Prompt:
Transcribe all the lines below exactly. Omit the pictures.

[Free-text object descriptions]

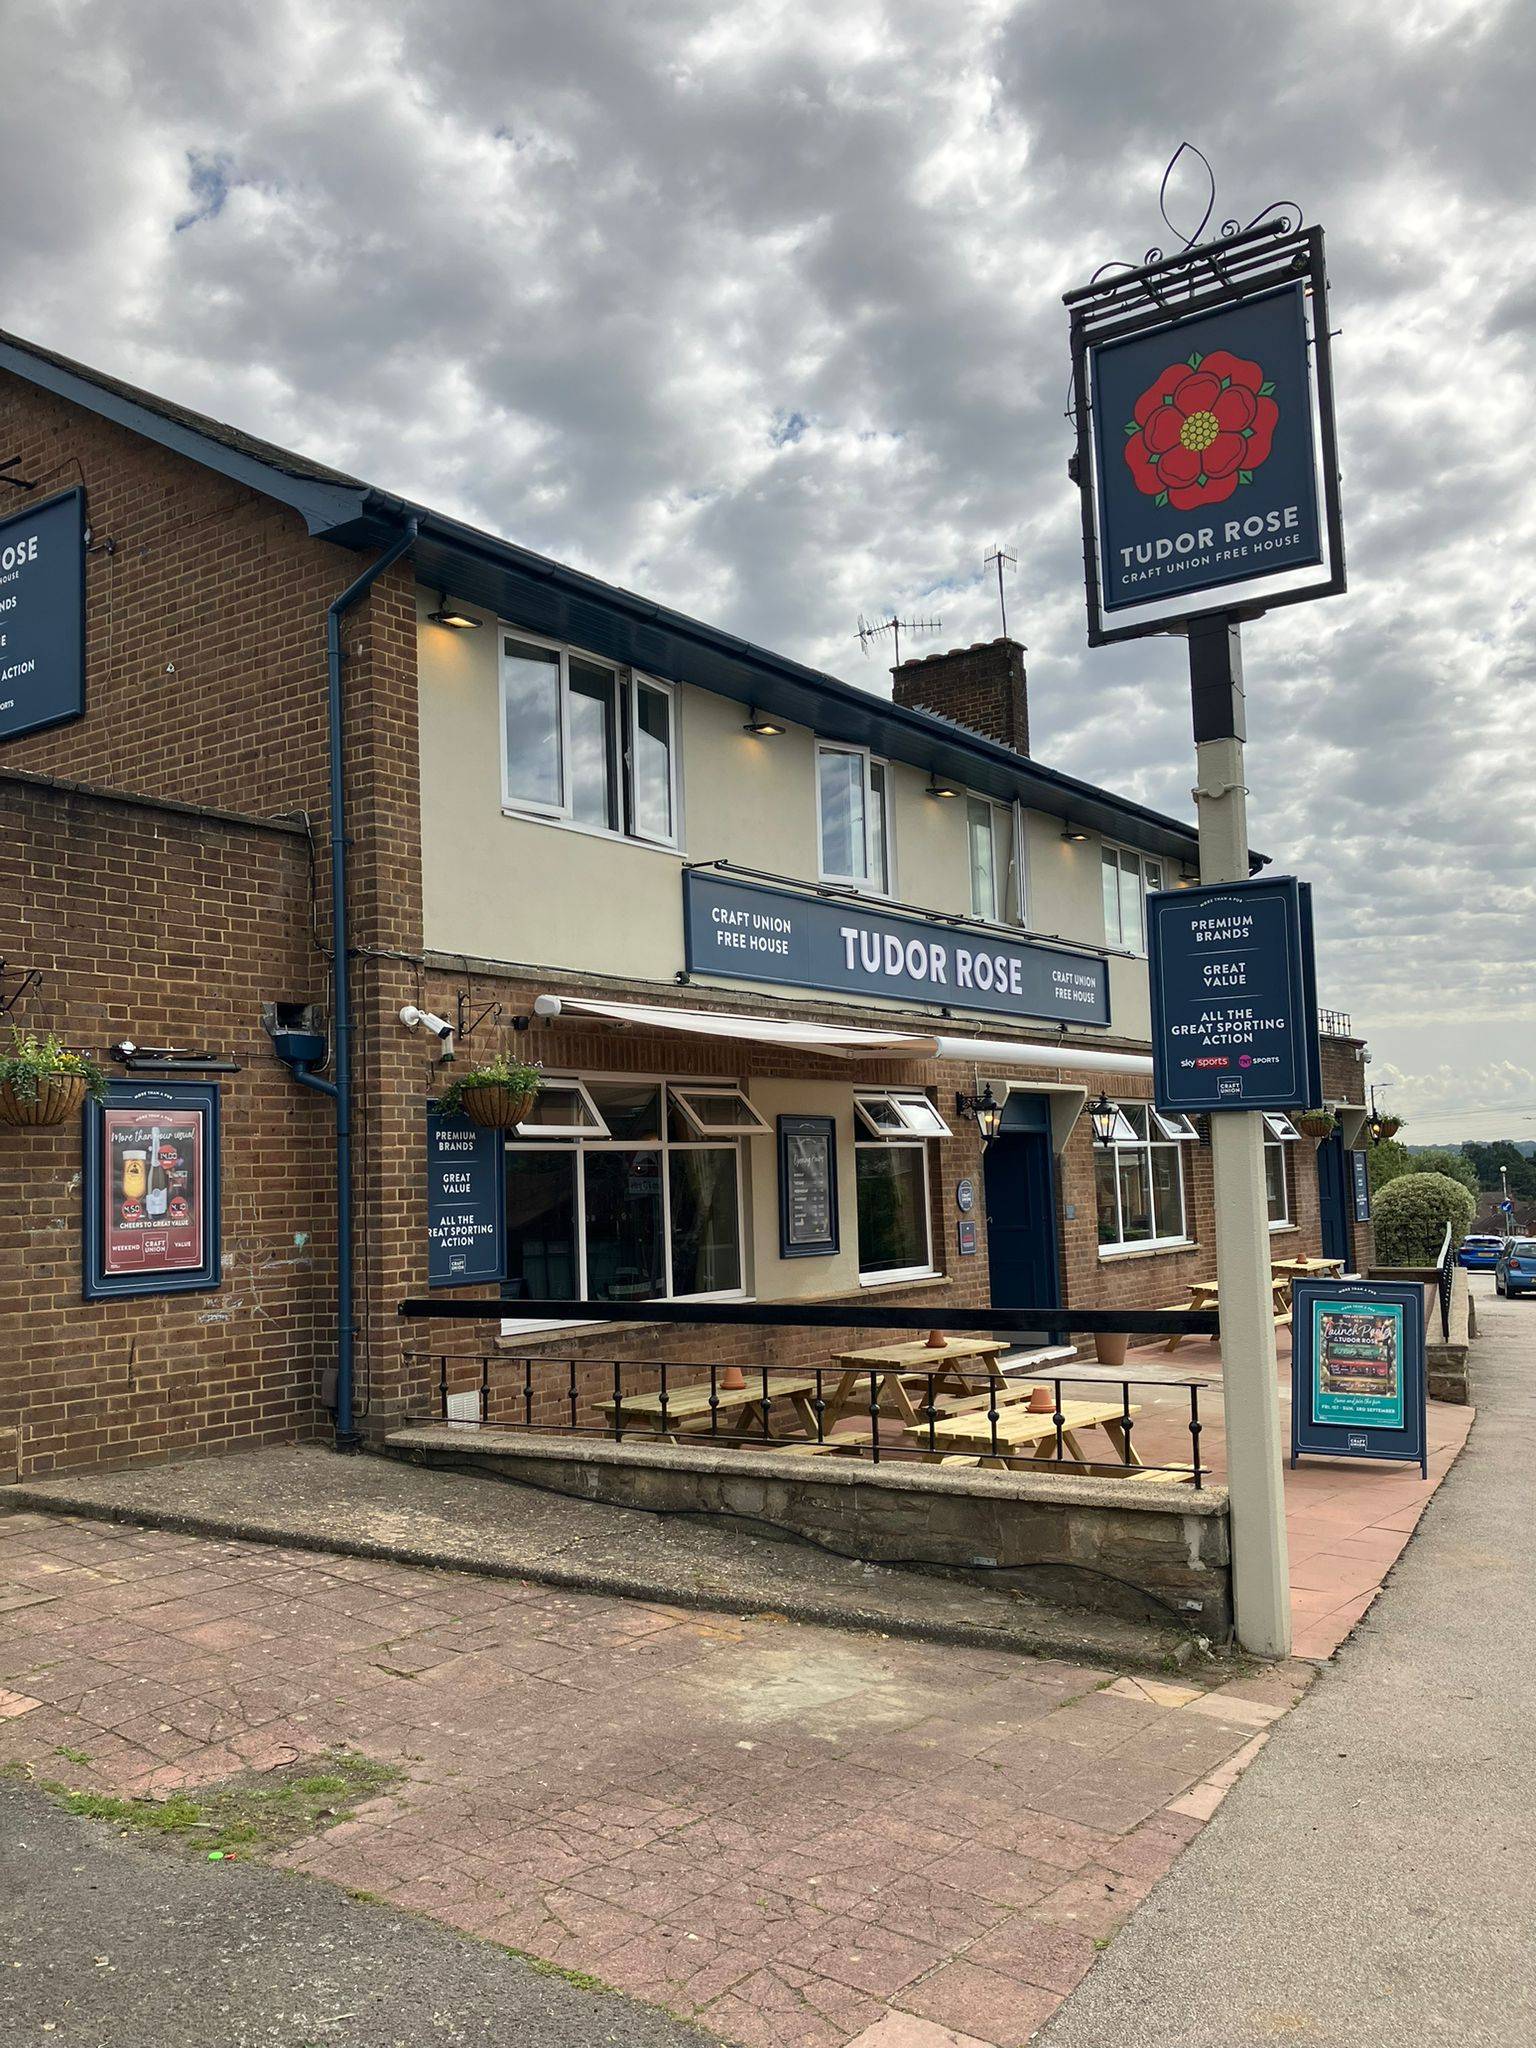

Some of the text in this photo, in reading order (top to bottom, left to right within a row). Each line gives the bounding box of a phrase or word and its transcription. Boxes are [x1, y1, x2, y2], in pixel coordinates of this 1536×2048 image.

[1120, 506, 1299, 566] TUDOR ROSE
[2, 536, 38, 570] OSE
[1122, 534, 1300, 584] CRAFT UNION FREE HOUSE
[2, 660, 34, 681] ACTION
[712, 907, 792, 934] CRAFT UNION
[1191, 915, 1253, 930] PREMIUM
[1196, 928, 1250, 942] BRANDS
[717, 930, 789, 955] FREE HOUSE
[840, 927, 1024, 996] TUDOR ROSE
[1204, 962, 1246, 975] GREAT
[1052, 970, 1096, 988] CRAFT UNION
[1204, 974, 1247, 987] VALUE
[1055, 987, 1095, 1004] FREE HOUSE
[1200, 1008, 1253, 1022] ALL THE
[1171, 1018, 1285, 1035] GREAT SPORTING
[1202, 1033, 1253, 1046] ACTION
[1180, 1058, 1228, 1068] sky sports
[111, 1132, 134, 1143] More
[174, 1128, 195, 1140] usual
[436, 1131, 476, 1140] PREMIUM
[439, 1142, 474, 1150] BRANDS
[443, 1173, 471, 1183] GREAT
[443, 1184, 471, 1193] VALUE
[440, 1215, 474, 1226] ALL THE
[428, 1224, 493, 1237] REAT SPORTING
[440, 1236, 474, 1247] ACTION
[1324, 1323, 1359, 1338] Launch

Task result:
Some of the text in this photo, in reading order (top to bottom, left to right within a row). Each line gives the bounding box of a phrase or word and its transcription. Boxes are [x1, y1, x2, y2], in pixel coordinates of this 1536×2048 image.

[1120, 506, 1299, 566] TUDOR ROSE
[2, 536, 38, 570] OSE
[1122, 534, 1300, 584] CRAFT UNION FREE HOUSE
[2, 660, 34, 681] ACTION
[712, 907, 792, 934] CRAFT UNION
[1191, 915, 1253, 930] PREMIUM
[1196, 928, 1250, 942] BRANDS
[717, 930, 789, 955] FREE HOUSE
[840, 927, 1024, 996] TUDOR ROSE
[1204, 962, 1246, 975] GREAT
[1052, 970, 1096, 988] CRAFT UNION
[1204, 974, 1247, 987] VALUE
[1055, 987, 1095, 1004] FREE HOUSE
[1200, 1008, 1253, 1022] ALL THE
[1171, 1018, 1285, 1035] GREAT SPORTING
[1202, 1033, 1253, 1046] ACTION
[1180, 1058, 1228, 1068] sky sports
[111, 1132, 134, 1143] More
[174, 1128, 195, 1140] usual
[436, 1131, 476, 1140] PREMIUM
[439, 1142, 474, 1150] BRANDS
[443, 1173, 471, 1183] GREAT
[443, 1184, 471, 1193] VALUE
[440, 1215, 474, 1226] ALL THE
[428, 1224, 493, 1237] REAT SPORTING
[440, 1236, 474, 1247] ACTION
[1324, 1323, 1359, 1338] Launch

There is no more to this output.